Biomacromolecules, Vol.13, No.9, 2739-2747, 2012
Altering Peptide Fibrillization by Polymer Conjugation
A strategy is presented that exploits the ability of synthetic polymers of different nature to disturb the strong self-assembly capabilities of amyloid based beta-sheet forming peptides. Following a convergent approach, the peptides of interest were synthesized via solid-phase peptide synthesis (SPPS) and the polymers via reversible addition-fragmentation chain transfer (RAFT') polymerization, followed by a copper(I) catalyzed azide-alkyne cycloaddition (CuAAC) to generate the desired peptide-polymer conjugates.

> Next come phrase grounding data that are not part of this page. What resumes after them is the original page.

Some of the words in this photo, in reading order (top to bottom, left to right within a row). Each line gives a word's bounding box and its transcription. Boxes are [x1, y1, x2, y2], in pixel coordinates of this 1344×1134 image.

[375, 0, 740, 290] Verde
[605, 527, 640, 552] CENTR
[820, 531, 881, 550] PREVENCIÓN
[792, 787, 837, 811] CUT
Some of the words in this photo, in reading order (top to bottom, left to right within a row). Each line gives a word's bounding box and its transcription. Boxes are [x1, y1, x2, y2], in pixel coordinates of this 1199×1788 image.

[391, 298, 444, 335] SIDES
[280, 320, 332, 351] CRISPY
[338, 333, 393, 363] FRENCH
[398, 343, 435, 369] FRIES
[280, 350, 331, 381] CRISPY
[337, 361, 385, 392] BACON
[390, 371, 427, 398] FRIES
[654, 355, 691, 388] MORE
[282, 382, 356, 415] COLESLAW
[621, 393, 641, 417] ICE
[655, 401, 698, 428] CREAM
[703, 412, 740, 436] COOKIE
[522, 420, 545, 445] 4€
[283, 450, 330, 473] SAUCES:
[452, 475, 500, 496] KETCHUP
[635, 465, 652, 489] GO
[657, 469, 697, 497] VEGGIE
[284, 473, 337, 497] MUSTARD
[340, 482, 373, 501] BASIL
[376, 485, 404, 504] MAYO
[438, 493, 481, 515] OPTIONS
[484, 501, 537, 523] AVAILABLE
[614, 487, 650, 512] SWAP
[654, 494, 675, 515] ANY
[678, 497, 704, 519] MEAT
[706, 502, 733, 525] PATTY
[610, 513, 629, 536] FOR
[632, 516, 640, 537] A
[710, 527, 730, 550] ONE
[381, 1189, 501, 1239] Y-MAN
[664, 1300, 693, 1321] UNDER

This study focuses on a modified version of the core sequence of the beta-amyloid peptide (A beta), A beta(16-20) (KLVFF). The influence of attaching short poly(N-isopropylacrylamide) and poly(hydroxyethylacrylate) to the peptide sequences on the self-assembly properties of the hybrid materials were studied via infrared spectroscopy, TEM, circular dichroism and SAXS. The findings indicate that attaching these polymers disturbs the strong self-assembly properties of the biomolecules to a certain degree and permits to influence the aggregation of the peptides based on their beta-sheets forming abilities. This study presents an innovative route toward targeted and controlled assembly of amyloid-like fibers to drive the formation of polymeric nanomaterials.